Hi, can u please help me. One of my 4month yr old twins has had reflux problems since he was5weeks and i was prescribed infant gaviscon to mix into his formula. One sachet in each feed was fine when he waas on 120ml but he's now on x3feeds of 180ml & x2 feeds of 210ml a day (5 bottles total) and one sachet just doesn't seem to work in that large amount. The box says maximum.of 6doses in 24hrs and x2 sachets in over 225ml??!! So my question is can I put x2 doses/dble sachet in each bottle as then i would b using 10doses in 24hrs?? Its just he's bringing most of his milk up again and I dont want his weight to slow down again!!

The main reason why I'm confused is that it says for breastfed babies over 10lb they can have x2 sachets mixed with water after every feed so can they have more then 6 doses I'm confused..

Any suggestions wld be great as the dr doesn't seem to know nor does the children's unit at my local hospital  my baby weighs 12.5lb

Lucy x


----------



## Mistletoe (Holly) (Jan 1, 2007)

Here is what the data sheet says....

''For infants aged 1 to 2 years. Not to be used in premature infants or infants under one year except under medical supervision. For oral used after mixing with water or milk feed. 
Mix immediately before use as directed below: 
Infants under 4.5 kg (10lb) – one sachet should be used 
Infants over 4.5kg (10lb) – two sachets should be used 
Bottle fed infants 
• Mix each sachet into 115ml (4 fl oz) of feed in the bottle 
• Shake well.
• Feed as normal 
Treatment should not be administered more than six times in 24 hours. ''

So 6 x 8 oz bottles in 24 hours each with 2 sachets is how I interpret the max dose. 

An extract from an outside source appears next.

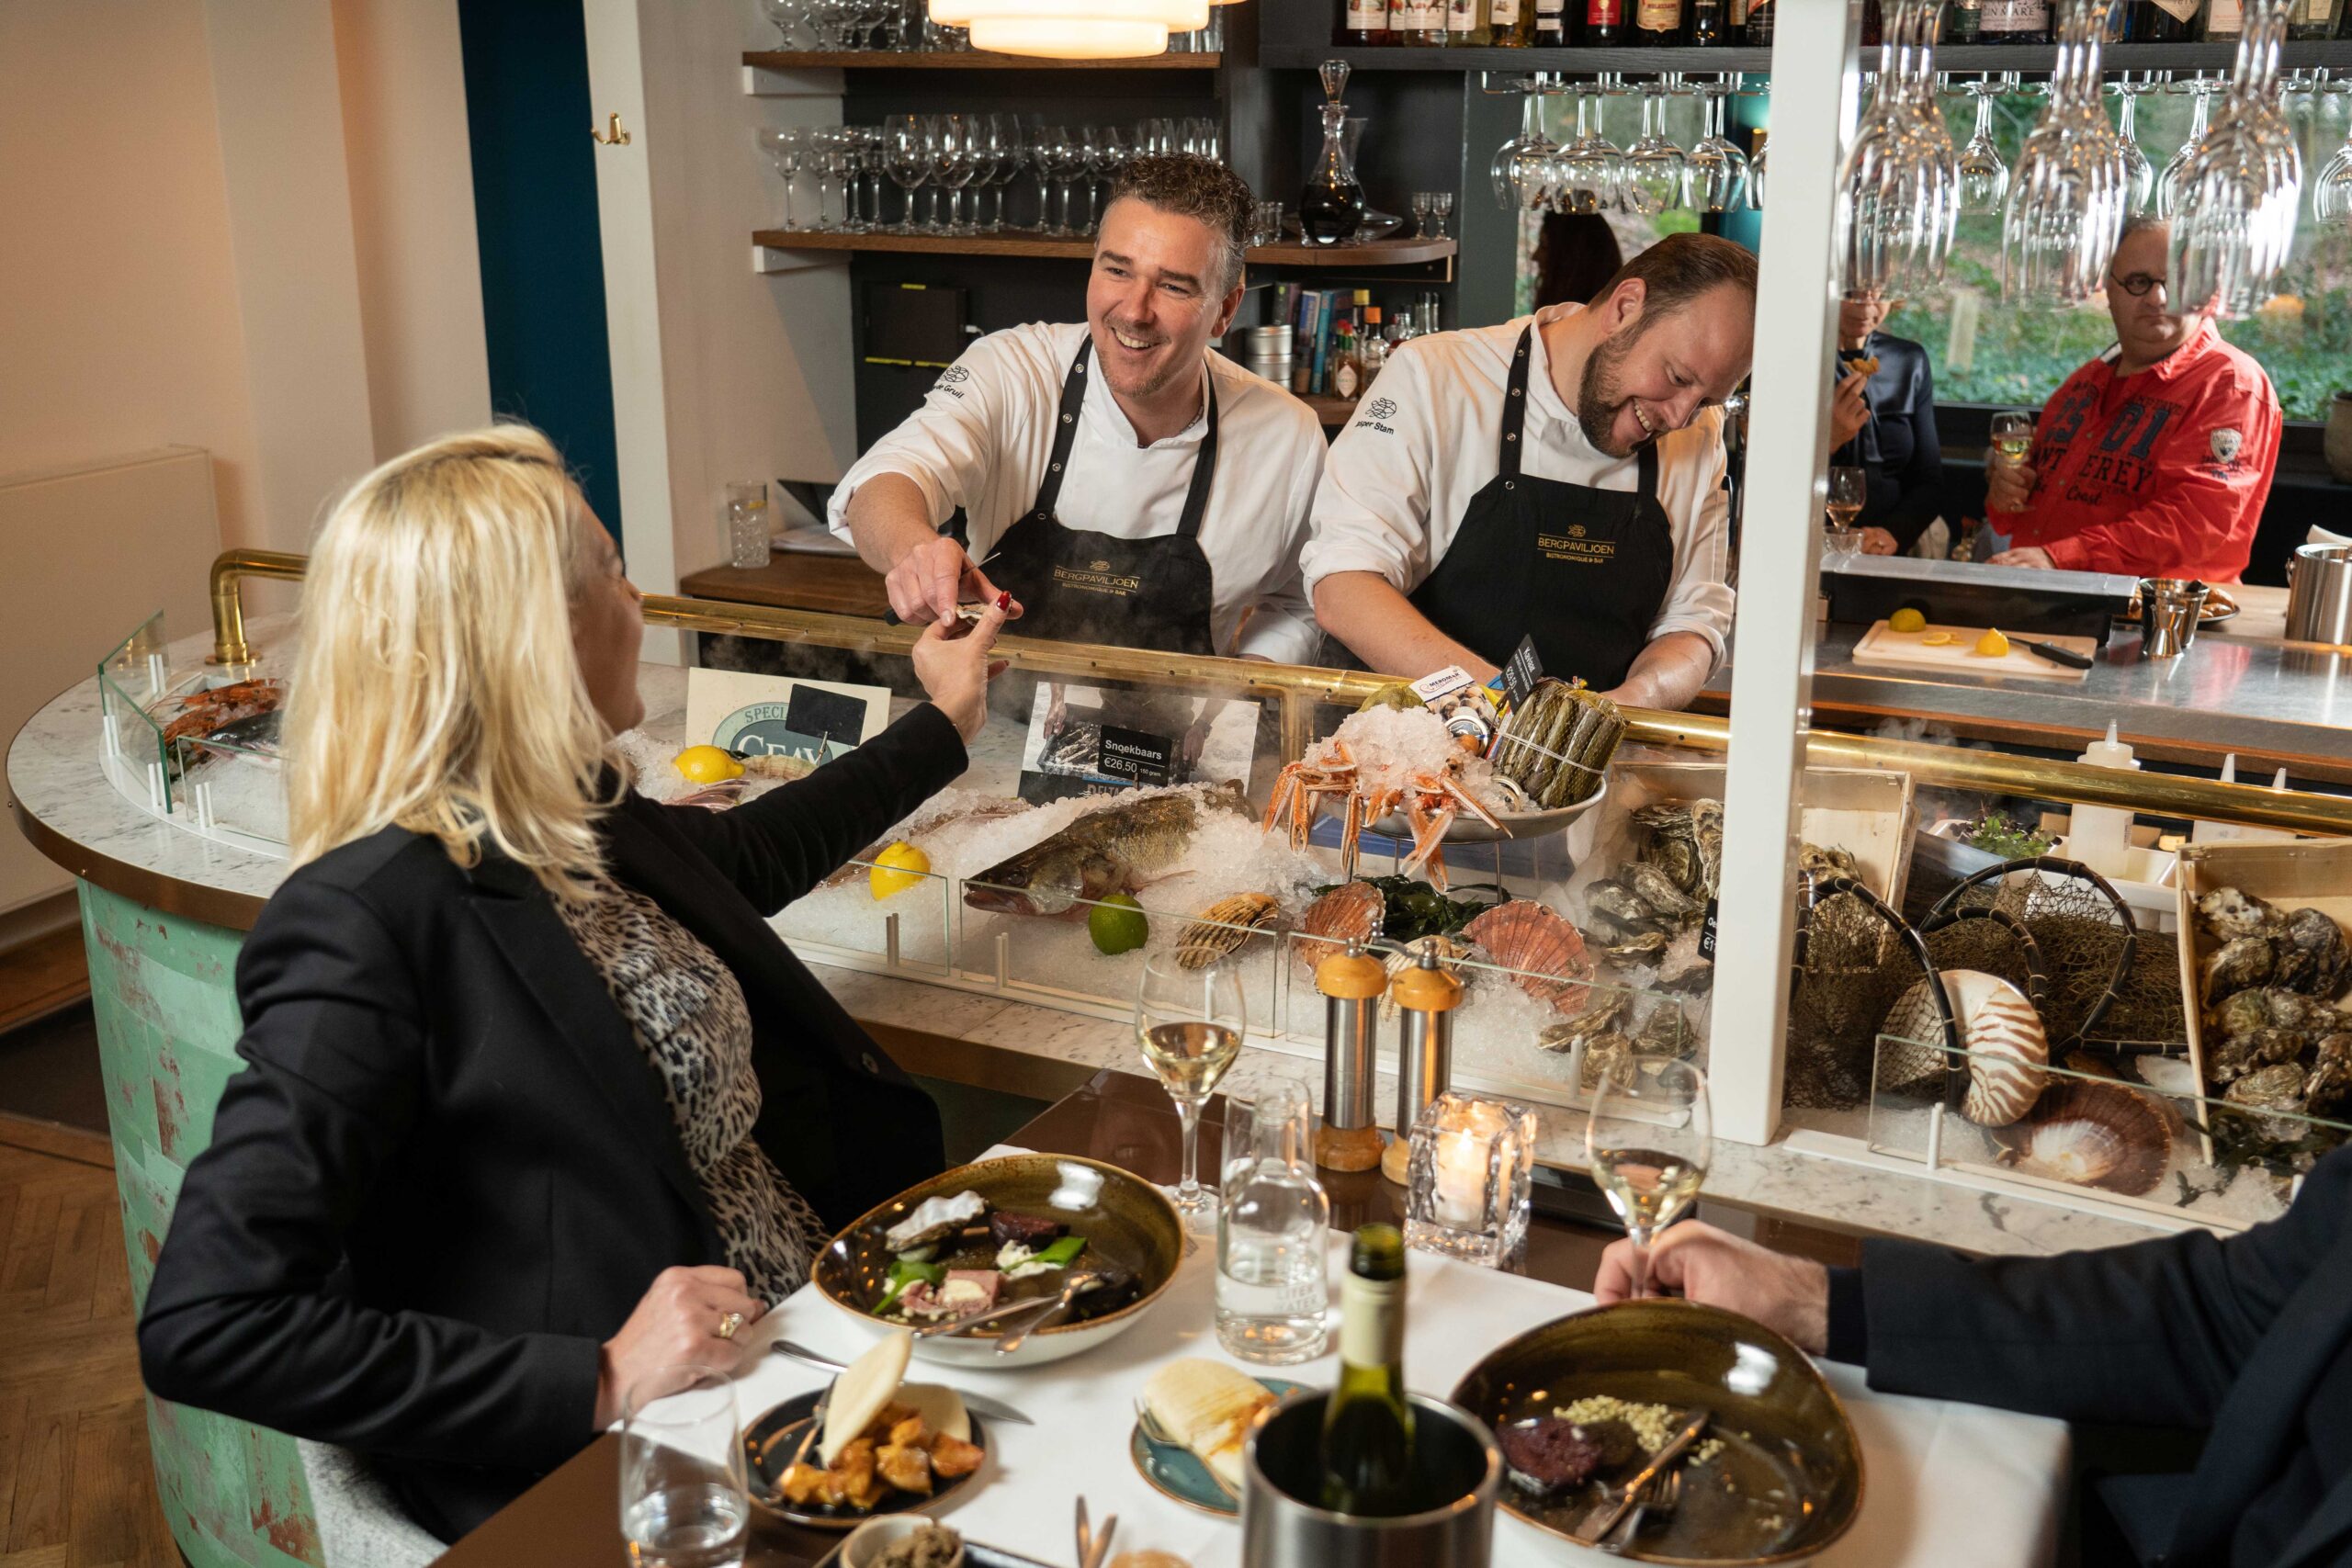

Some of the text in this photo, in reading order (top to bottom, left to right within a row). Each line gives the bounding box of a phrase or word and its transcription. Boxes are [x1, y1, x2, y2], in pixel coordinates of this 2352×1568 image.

Perhaps Mazv can back me up or give an alternative opinion?


----------



## Batleybump (May 2, 2011)

Thanks for your reply Holly. I will just make up x5 225ml bottles and add x2 sachets in each then just throw away the extra amount that he is not drinking as it says x2 sachets in a minimum of 225ml. Was just worried that i would be giving him too much if he had x10sachets a day but you've put my mind at rest. thank u 

Lucy x


----------